Records for processing section start

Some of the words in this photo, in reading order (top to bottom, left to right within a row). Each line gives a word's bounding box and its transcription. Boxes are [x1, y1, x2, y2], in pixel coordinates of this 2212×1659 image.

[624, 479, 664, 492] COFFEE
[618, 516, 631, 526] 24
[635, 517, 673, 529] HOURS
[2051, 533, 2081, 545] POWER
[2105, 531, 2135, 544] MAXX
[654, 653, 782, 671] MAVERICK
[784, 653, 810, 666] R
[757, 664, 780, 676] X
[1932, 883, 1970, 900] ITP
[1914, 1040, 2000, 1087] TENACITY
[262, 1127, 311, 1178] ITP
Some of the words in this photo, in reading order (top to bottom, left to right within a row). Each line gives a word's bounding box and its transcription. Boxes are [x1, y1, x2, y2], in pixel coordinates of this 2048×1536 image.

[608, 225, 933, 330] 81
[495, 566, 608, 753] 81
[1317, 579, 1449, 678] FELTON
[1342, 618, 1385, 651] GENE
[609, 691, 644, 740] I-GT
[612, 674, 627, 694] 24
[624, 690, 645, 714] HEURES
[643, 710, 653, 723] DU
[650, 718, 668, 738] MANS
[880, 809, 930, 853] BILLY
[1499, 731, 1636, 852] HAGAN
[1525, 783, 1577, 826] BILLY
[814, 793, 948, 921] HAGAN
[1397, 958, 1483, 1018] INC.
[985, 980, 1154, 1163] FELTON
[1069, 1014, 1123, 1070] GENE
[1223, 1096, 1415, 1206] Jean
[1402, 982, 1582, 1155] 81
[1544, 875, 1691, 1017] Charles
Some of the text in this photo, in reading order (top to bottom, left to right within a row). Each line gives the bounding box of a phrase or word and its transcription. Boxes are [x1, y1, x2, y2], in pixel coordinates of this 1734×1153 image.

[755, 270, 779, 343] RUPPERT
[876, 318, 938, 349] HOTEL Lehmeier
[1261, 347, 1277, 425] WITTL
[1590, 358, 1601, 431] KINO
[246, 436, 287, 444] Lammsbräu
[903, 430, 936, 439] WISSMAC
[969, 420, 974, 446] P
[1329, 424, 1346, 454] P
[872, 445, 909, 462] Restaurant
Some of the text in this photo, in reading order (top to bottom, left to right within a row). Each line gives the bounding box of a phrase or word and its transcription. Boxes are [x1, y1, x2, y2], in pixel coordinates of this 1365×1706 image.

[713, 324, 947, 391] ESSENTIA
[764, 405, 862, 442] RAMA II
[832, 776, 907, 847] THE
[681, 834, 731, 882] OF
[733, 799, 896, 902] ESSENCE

Records for processing section end

## Work instructions
Your answer must contain every line of the records, exactly.

## Written solution
Some of the words in this photo, in reading order (top to bottom, left to right within a row). Each line gives a word's bounding box and its transcription. Boxes are [x1, y1, x2, y2], in pixel coordinates of this 2212×1659 image.

[624, 479, 664, 492] COFFEE
[618, 516, 631, 526] 24
[635, 517, 673, 529] HOURS
[2051, 533, 2081, 545] POWER
[2105, 531, 2135, 544] MAXX
[654, 653, 782, 671] MAVERICK
[784, 653, 810, 666] R
[757, 664, 780, 676] X
[1932, 883, 1970, 900] ITP
[1914, 1040, 2000, 1087] TENACITY
[262, 1127, 311, 1178] ITP
Some of the words in this photo, in reading order (top to bottom, left to right within a row). Each line gives a word's bounding box and its transcription. Boxes are [x1, y1, x2, y2], in pixel coordinates of this 2048×1536 image.

[608, 225, 933, 330] 81
[495, 566, 608, 753] 81
[1317, 579, 1449, 678] FELTON
[1342, 618, 1385, 651] GENE
[609, 691, 644, 740] I-GT
[612, 674, 627, 694] 24
[624, 690, 645, 714] HEURES
[643, 710, 653, 723] DU
[650, 718, 668, 738] MANS
[880, 809, 930, 853] BILLY
[1499, 731, 1636, 852] HAGAN
[1525, 783, 1577, 826] BILLY
[814, 793, 948, 921] HAGAN
[1397, 958, 1483, 1018] INC.
[985, 980, 1154, 1163] FELTON
[1069, 1014, 1123, 1070] GENE
[1223, 1096, 1415, 1206] Jean
[1402, 982, 1582, 1155] 81
[1544, 875, 1691, 1017] Charles
Some of the text in this photo, in reading order (top to bottom, left to right within a row). Each line gives the bounding box of a phrase or word and its transcription. Boxes are [x1, y1, x2, y2], in pixel coordinates of this 1734×1153 image.

[755, 270, 779, 343] RUPPERT
[876, 318, 938, 349] HOTEL Lehmeier
[1261, 347, 1277, 425] WITTL
[1590, 358, 1601, 431] KINO
[246, 436, 287, 444] Lammsbräu
[903, 430, 936, 439] WISSMAC
[969, 420, 974, 446] P
[1329, 424, 1346, 454] P
[872, 445, 909, 462] Restaurant
Some of the text in this photo, in reading order (top to bottom, left to right within a row). Each line gives the bounding box of a phrase or word and its transcription. Boxes are [x1, y1, x2, y2], in pixel coordinates of this 1365×1706 image.

[713, 324, 947, 391] ESSENTIA
[764, 405, 862, 442] RAMA II
[832, 776, 907, 847] THE
[681, 834, 731, 882] OF
[733, 799, 896, 902] ESSENCE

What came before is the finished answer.